>>

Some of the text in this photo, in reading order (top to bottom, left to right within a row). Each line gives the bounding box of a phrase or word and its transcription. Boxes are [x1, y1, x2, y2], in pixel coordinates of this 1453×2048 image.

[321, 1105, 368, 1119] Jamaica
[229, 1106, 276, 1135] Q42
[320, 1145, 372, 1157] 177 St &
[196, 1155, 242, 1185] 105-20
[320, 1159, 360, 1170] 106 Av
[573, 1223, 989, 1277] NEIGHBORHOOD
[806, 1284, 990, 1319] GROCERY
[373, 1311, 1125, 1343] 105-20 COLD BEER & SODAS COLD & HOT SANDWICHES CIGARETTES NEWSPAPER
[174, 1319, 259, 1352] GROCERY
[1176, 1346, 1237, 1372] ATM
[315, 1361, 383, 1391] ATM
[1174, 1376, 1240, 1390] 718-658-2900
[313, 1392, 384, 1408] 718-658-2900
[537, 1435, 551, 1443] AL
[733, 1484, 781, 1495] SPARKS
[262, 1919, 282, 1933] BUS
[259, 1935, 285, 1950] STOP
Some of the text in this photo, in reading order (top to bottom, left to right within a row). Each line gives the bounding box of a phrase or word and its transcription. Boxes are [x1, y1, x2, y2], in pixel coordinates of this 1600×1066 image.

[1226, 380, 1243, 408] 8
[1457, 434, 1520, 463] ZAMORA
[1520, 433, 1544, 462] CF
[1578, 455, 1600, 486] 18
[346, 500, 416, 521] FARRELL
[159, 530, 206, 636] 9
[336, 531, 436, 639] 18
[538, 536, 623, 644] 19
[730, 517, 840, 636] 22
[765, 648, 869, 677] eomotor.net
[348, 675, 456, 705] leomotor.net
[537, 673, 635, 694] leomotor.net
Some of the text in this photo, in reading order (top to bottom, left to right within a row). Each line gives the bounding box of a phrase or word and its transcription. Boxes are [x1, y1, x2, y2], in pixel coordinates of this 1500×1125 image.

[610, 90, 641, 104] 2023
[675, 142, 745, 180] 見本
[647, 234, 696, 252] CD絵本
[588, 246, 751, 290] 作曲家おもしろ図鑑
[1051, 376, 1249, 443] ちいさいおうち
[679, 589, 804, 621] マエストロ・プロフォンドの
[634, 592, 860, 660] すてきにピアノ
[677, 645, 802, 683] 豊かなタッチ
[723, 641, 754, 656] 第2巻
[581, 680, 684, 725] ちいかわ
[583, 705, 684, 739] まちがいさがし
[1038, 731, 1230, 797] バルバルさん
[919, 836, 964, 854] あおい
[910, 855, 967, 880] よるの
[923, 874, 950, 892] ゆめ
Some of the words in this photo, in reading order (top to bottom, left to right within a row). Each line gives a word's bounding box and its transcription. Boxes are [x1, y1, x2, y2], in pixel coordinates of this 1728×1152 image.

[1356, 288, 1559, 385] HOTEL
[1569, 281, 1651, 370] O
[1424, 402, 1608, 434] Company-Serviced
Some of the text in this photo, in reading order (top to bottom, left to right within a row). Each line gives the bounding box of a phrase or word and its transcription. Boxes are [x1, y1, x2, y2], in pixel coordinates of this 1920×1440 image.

<<

Work instructions:
The full set of records must be transcribed character for character.

Solution below:
Some of the text in this photo, in reading order (top to bottom, left to right within a row). Each line gives the bounding box of a phrase or word and its transcription. Boxes are [x1, y1, x2, y2], in pixel coordinates of this 1453×2048 image.

[321, 1105, 368, 1119] Jamaica
[229, 1106, 276, 1135] Q42
[320, 1145, 372, 1157] 177 St &
[196, 1155, 242, 1185] 105-20
[320, 1159, 360, 1170] 106 Av
[573, 1223, 989, 1277] NEIGHBORHOOD
[806, 1284, 990, 1319] GROCERY
[373, 1311, 1125, 1343] 105-20 COLD BEER & SODAS COLD & HOT SANDWICHES CIGARETTES NEWSPAPER
[174, 1319, 259, 1352] GROCERY
[1176, 1346, 1237, 1372] ATM
[315, 1361, 383, 1391] ATM
[1174, 1376, 1240, 1390] 718-658-2900
[313, 1392, 384, 1408] 718-658-2900
[537, 1435, 551, 1443] AL
[733, 1484, 781, 1495] SPARKS
[262, 1919, 282, 1933] BUS
[259, 1935, 285, 1950] STOP
Some of the text in this photo, in reading order (top to bottom, left to right within a row). Each line gives the bounding box of a phrase or word and its transcription. Boxes are [x1, y1, x2, y2], in pixel coordinates of this 1600×1066 image.

[1226, 380, 1243, 408] 8
[1457, 434, 1520, 463] ZAMORA
[1520, 433, 1544, 462] CF
[1578, 455, 1600, 486] 18
[346, 500, 416, 521] FARRELL
[159, 530, 206, 636] 9
[336, 531, 436, 639] 18
[538, 536, 623, 644] 19
[730, 517, 840, 636] 22
[765, 648, 869, 677] eomotor.net
[348, 675, 456, 705] leomotor.net
[537, 673, 635, 694] leomotor.net
Some of the text in this photo, in reading order (top to bottom, left to right within a row). Each line gives the bounding box of a phrase or word and its transcription. Boxes are [x1, y1, x2, y2], in pixel coordinates of this 1500×1125 image.

[610, 90, 641, 104] 2023
[675, 142, 745, 180] 見本
[647, 234, 696, 252] CD絵本
[588, 246, 751, 290] 作曲家おもしろ図鑑
[1051, 376, 1249, 443] ちいさいおうち
[679, 589, 804, 621] マエストロ・プロフォンドの
[634, 592, 860, 660] すてきにピアノ
[677, 645, 802, 683] 豊かなタッチ
[723, 641, 754, 656] 第2巻
[581, 680, 684, 725] ちいかわ
[583, 705, 684, 739] まちがいさがし
[1038, 731, 1230, 797] バルバルさん
[919, 836, 964, 854] あおい
[910, 855, 967, 880] よるの
[923, 874, 950, 892] ゆめ
Some of the words in this photo, in reading order (top to bottom, left to right within a row). Each line gives a word's bounding box and its transcription. Boxes are [x1, y1, x2, y2], in pixel coordinates of this 1728×1152 image.

[1356, 288, 1559, 385] HOTEL
[1569, 281, 1651, 370] O
[1424, 402, 1608, 434] Company-Serviced
Some of the text in this photo, in reading order (top to bottom, left to right within a row). Each line gives the bounding box of a phrase or word and its transcription. Boxes are [x1, y1, x2, y2], in pixel coordinates of this 1920×1440 image.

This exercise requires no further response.